TRUE + TRUE = TRUE TRUE + FALSE = TRUE FALSE + TRUE = TRUE FALSE + FALSE = FALSE
Hence the T.T. will be
1+1=1 1+0=1 0+1=1 0+0=0
This is the equivalent of an OR gate, which is why + is considered a binary OR operator
TRUE - TRUE = FALSE TRUE - FALSE = TRUE FALSE - TRUE = TRUE FALSE - FALSE = FALSE
1-1=0 1-0=1 0-1=1 0-0=0
This is the equivalent of an XOR gate, which is why - is considered a binary XOR operator.
TRUE * TRUE = TRUE TRUE * FALSE = FALSE FALSE * TRUE = FALSE FALSE * FALSE = FALSE
1*1=1 1*0=0 0*1=0 0*0=0
This is the equivalent of an AND gate, which is why * is considered a binary AND gate.
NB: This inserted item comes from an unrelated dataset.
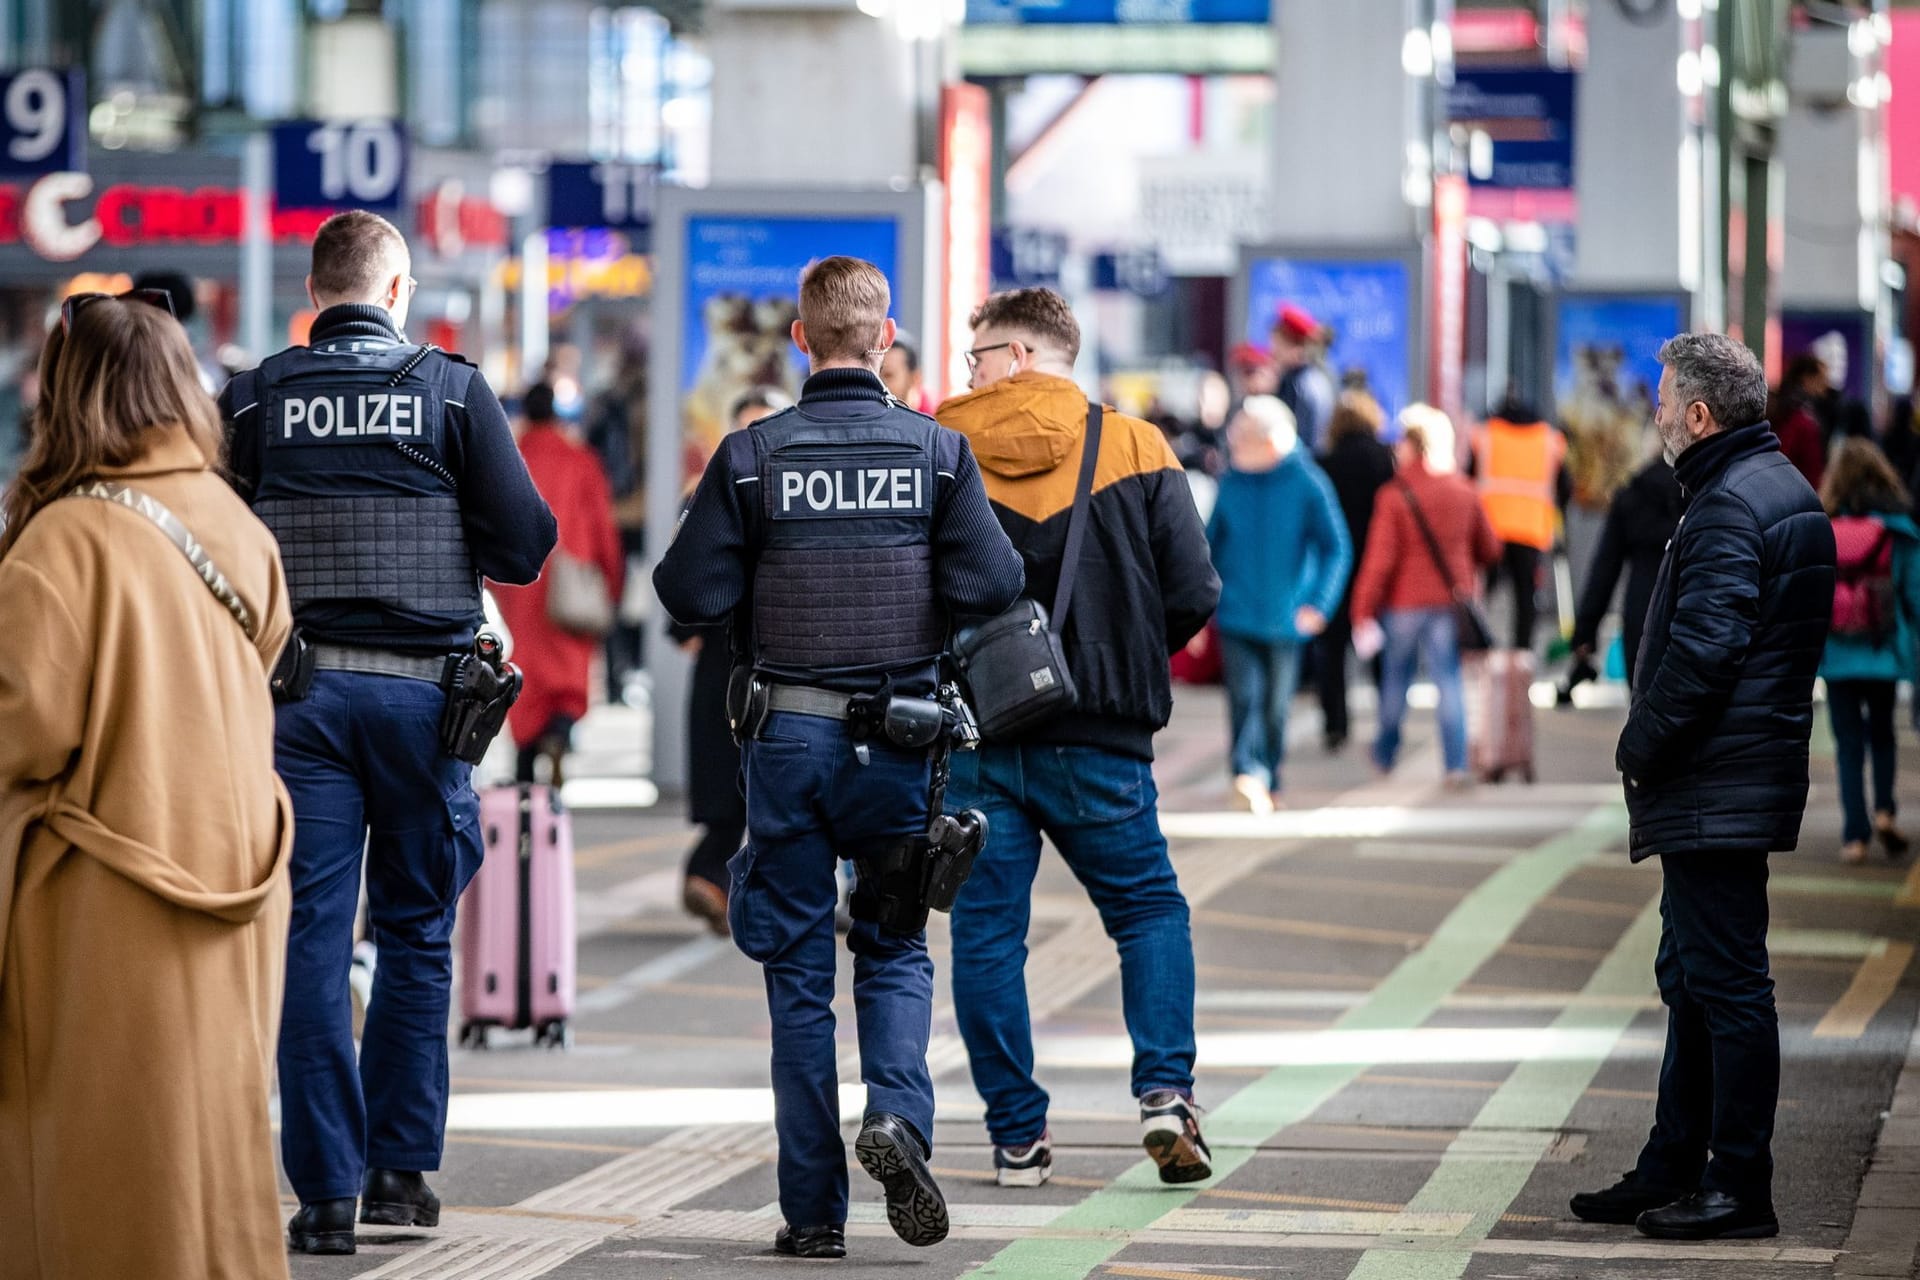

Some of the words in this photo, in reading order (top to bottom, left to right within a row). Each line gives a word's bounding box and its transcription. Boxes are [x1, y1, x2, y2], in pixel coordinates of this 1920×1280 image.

[5, 69, 66, 161] 9
[306, 121, 399, 201] 10
[283, 394, 423, 439] POLIZEI
[782, 468, 922, 512] POLIZEI
NOT (FALSE) = TRUE NOT (TRUE) = FALSE
Division is best thought of as the reverse of multiplication, for now.
[change] De Morgan's Laws
De Morgan's Laws as applied to boolean algebra say that:
NOT(A + B) = (NOT(A) * NOT(B))
And, a bit like this:
NOT(A * B) = (NOT(A) + (NOT(B))
These are the startings of harder boolean algebra, which are not good for a simple book.